Nothing should be left out. Give all the data again exactly as written.
▬▬▬▬▬▬▬▬▬▬
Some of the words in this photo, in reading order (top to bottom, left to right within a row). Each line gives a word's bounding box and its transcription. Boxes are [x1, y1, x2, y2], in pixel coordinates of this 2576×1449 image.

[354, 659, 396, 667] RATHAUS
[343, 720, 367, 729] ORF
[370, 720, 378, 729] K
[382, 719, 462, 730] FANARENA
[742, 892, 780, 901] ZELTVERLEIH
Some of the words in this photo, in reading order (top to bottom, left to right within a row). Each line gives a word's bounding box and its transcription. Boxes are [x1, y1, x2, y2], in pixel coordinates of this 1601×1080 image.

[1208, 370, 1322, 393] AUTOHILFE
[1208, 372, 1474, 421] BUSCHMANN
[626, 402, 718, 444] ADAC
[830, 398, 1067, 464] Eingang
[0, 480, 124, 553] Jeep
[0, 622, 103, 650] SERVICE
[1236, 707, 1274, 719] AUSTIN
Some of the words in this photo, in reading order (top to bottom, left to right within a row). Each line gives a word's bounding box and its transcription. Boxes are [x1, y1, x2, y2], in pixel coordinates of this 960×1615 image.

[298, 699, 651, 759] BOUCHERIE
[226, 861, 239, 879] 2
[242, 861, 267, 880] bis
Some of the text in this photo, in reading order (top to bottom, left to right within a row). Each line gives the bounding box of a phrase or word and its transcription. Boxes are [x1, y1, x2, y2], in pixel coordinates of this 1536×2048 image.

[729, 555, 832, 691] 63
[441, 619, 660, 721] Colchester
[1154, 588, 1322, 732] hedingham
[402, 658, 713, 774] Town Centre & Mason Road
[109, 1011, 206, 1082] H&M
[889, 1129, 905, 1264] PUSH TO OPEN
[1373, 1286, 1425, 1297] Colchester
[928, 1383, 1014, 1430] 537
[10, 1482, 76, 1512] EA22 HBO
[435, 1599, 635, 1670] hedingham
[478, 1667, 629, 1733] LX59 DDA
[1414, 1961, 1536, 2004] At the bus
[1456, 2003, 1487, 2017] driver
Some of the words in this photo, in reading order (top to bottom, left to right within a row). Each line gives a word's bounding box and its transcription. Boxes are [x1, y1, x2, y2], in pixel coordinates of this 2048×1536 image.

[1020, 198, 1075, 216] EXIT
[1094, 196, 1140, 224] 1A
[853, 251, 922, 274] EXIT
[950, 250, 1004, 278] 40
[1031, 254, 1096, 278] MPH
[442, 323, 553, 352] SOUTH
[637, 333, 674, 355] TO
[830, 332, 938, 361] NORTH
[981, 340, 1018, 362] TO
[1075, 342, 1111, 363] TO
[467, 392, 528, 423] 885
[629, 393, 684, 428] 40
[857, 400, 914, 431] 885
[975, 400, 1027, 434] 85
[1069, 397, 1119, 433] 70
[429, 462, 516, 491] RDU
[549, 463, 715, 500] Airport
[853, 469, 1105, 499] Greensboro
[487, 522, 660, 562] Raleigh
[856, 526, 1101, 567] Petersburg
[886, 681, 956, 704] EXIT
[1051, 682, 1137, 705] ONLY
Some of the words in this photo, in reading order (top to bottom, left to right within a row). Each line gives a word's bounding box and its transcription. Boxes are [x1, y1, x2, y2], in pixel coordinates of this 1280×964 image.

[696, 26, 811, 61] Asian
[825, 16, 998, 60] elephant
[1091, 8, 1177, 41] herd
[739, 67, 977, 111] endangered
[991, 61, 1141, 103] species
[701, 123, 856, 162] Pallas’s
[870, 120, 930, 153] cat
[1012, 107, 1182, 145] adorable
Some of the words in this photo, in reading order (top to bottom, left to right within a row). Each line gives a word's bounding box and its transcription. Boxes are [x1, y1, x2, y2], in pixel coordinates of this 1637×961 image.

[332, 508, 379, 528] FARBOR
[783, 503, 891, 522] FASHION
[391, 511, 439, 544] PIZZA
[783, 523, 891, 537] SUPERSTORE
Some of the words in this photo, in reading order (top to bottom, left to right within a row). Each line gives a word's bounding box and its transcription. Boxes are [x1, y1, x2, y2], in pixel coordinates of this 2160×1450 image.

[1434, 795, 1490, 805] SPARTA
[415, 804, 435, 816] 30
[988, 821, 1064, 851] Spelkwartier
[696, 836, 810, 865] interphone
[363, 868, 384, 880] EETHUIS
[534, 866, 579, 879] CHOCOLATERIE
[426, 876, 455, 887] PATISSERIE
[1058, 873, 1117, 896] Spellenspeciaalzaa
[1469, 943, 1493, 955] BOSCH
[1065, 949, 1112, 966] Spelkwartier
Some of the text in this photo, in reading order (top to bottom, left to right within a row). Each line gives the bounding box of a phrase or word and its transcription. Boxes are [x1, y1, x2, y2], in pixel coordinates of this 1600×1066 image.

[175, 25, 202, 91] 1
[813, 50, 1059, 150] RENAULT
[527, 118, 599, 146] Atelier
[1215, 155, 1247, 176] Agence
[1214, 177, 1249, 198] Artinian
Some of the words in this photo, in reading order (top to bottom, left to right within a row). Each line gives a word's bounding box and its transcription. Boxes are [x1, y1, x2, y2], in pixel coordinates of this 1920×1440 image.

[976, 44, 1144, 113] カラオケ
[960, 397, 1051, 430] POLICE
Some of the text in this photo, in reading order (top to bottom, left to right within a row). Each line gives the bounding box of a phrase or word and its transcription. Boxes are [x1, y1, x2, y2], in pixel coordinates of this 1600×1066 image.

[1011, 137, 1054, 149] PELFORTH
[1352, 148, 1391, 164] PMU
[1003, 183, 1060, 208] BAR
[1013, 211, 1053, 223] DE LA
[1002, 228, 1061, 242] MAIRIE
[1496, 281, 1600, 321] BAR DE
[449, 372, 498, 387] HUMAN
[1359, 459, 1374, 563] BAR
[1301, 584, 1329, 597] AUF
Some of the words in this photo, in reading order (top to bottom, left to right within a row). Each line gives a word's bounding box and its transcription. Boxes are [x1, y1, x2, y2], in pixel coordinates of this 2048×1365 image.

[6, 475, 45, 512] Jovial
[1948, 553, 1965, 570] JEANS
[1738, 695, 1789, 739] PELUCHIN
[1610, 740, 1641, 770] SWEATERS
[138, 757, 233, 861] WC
▬▬▬▬▬▬▬▬▬▬
Exercise output:
Some of the words in this photo, in reading order (top to bottom, left to right within a row). Each line gives a word's bounding box and its transcription. Boxes are [x1, y1, x2, y2], in pixel coordinates of this 2576×1449 image.

[354, 659, 396, 667] RATHAUS
[343, 720, 367, 729] ORF
[370, 720, 378, 729] K
[382, 719, 462, 730] FANARENA
[742, 892, 780, 901] ZELTVERLEIH
Some of the words in this photo, in reading order (top to bottom, left to right within a row). Each line gives a word's bounding box and its transcription. Boxes are [x1, y1, x2, y2], in pixel coordinates of this 1601×1080 image.

[1208, 370, 1322, 393] AUTOHILFE
[1208, 372, 1474, 421] BUSCHMANN
[626, 402, 718, 444] ADAC
[830, 398, 1067, 464] Eingang
[0, 480, 124, 553] Jeep
[0, 622, 103, 650] SERVICE
[1236, 707, 1274, 719] AUSTIN
Some of the words in this photo, in reading order (top to bottom, left to right within a row). Each line gives a word's bounding box and its transcription. Boxes are [x1, y1, x2, y2], in pixel coordinates of this 960×1615 image.

[298, 699, 651, 759] BOUCHERIE
[226, 861, 239, 879] 2
[242, 861, 267, 880] bis
Some of the text in this photo, in reading order (top to bottom, left to right within a row). Each line gives the bounding box of a phrase or word and its transcription. Boxes are [x1, y1, x2, y2], in pixel coordinates of this 1536×2048 image.

[729, 555, 832, 691] 63
[441, 619, 660, 721] Colchester
[1154, 588, 1322, 732] hedingham
[402, 658, 713, 774] Town Centre & Mason Road
[109, 1011, 206, 1082] H&M
[889, 1129, 905, 1264] PUSH TO OPEN
[1373, 1286, 1425, 1297] Colchester
[928, 1383, 1014, 1430] 537
[10, 1482, 76, 1512] EA22 HBO
[435, 1599, 635, 1670] hedingham
[478, 1667, 629, 1733] LX59 DDA
[1414, 1961, 1536, 2004] At the bus
[1456, 2003, 1487, 2017] driver
Some of the words in this photo, in reading order (top to bottom, left to right within a row). Each line gives a word's bounding box and its transcription. Boxes are [x1, y1, x2, y2], in pixel coordinates of this 2048×1536 image.

[1020, 198, 1075, 216] EXIT
[1094, 196, 1140, 224] 1A
[853, 251, 922, 274] EXIT
[950, 250, 1004, 278] 40
[1031, 254, 1096, 278] MPH
[442, 323, 553, 352] SOUTH
[637, 333, 674, 355] TO
[830, 332, 938, 361] NORTH
[981, 340, 1018, 362] TO
[1075, 342, 1111, 363] TO
[467, 392, 528, 423] 885
[629, 393, 684, 428] 40
[857, 400, 914, 431] 885
[975, 400, 1027, 434] 85
[1069, 397, 1119, 433] 70
[429, 462, 516, 491] RDU
[549, 463, 715, 500] Airport
[853, 469, 1105, 499] Greensboro
[487, 522, 660, 562] Raleigh
[856, 526, 1101, 567] Petersburg
[886, 681, 956, 704] EXIT
[1051, 682, 1137, 705] ONLY
Some of the words in this photo, in reading order (top to bottom, left to right within a row). Each line gives a word's bounding box and its transcription. Boxes are [x1, y1, x2, y2], in pixel coordinates of this 1280×964 image.

[696, 26, 811, 61] Asian
[825, 16, 998, 60] elephant
[1091, 8, 1177, 41] herd
[739, 67, 977, 111] endangered
[991, 61, 1141, 103] species
[701, 123, 856, 162] Pallas’s
[870, 120, 930, 153] cat
[1012, 107, 1182, 145] adorable
Some of the words in this photo, in reading order (top to bottom, left to right within a row). Each line gives a word's bounding box and its transcription. Boxes are [x1, y1, x2, y2], in pixel coordinates of this 1637×961 image.

[332, 508, 379, 528] FARBOR
[783, 503, 891, 522] FASHION
[391, 511, 439, 544] PIZZA
[783, 523, 891, 537] SUPERSTORE
Some of the words in this photo, in reading order (top to bottom, left to right within a row). Each line gives a word's bounding box and its transcription. Boxes are [x1, y1, x2, y2], in pixel coordinates of this 2160×1450 image.

[1434, 795, 1490, 805] SPARTA
[415, 804, 435, 816] 30
[988, 821, 1064, 851] Spelkwartier
[696, 836, 810, 865] interphone
[363, 868, 384, 880] EETHUIS
[534, 866, 579, 879] CHOCOLATERIE
[426, 876, 455, 887] PATISSERIE
[1058, 873, 1117, 896] Spellenspeciaalzaa
[1469, 943, 1493, 955] BOSCH
[1065, 949, 1112, 966] Spelkwartier
Some of the text in this photo, in reading order (top to bottom, left to right within a row). Each line gives the bounding box of a phrase or word and its transcription. Boxes are [x1, y1, x2, y2], in pixel coordinates of this 1600×1066 image.

[175, 25, 202, 91] 1
[813, 50, 1059, 150] RENAULT
[527, 118, 599, 146] Atelier
[1215, 155, 1247, 176] Agence
[1214, 177, 1249, 198] Artinian
Some of the words in this photo, in reading order (top to bottom, left to right within a row). Each line gives a word's bounding box and its transcription. Boxes are [x1, y1, x2, y2], in pixel coordinates of this 1920×1440 image.

[976, 44, 1144, 113] カラオケ
[960, 397, 1051, 430] POLICE
Some of the text in this photo, in reading order (top to bottom, left to right within a row). Each line gives the bounding box of a phrase or word and its transcription. Boxes are [x1, y1, x2, y2], in pixel coordinates of this 1600×1066 image.

[1011, 137, 1054, 149] PELFORTH
[1352, 148, 1391, 164] PMU
[1003, 183, 1060, 208] BAR
[1013, 211, 1053, 223] DE LA
[1002, 228, 1061, 242] MAIRIE
[1496, 281, 1600, 321] BAR DE
[449, 372, 498, 387] HUMAN
[1359, 459, 1374, 563] BAR
[1301, 584, 1329, 597] AUF
Some of the words in this photo, in reading order (top to bottom, left to right within a row). Each line gives a word's bounding box and its transcription. Boxes are [x1, y1, x2, y2], in pixel coordinates of this 2048×1365 image.

[6, 475, 45, 512] Jovial
[1948, 553, 1965, 570] JEANS
[1738, 695, 1789, 739] PELUCHIN
[1610, 740, 1641, 770] SWEATERS
[138, 757, 233, 861] WC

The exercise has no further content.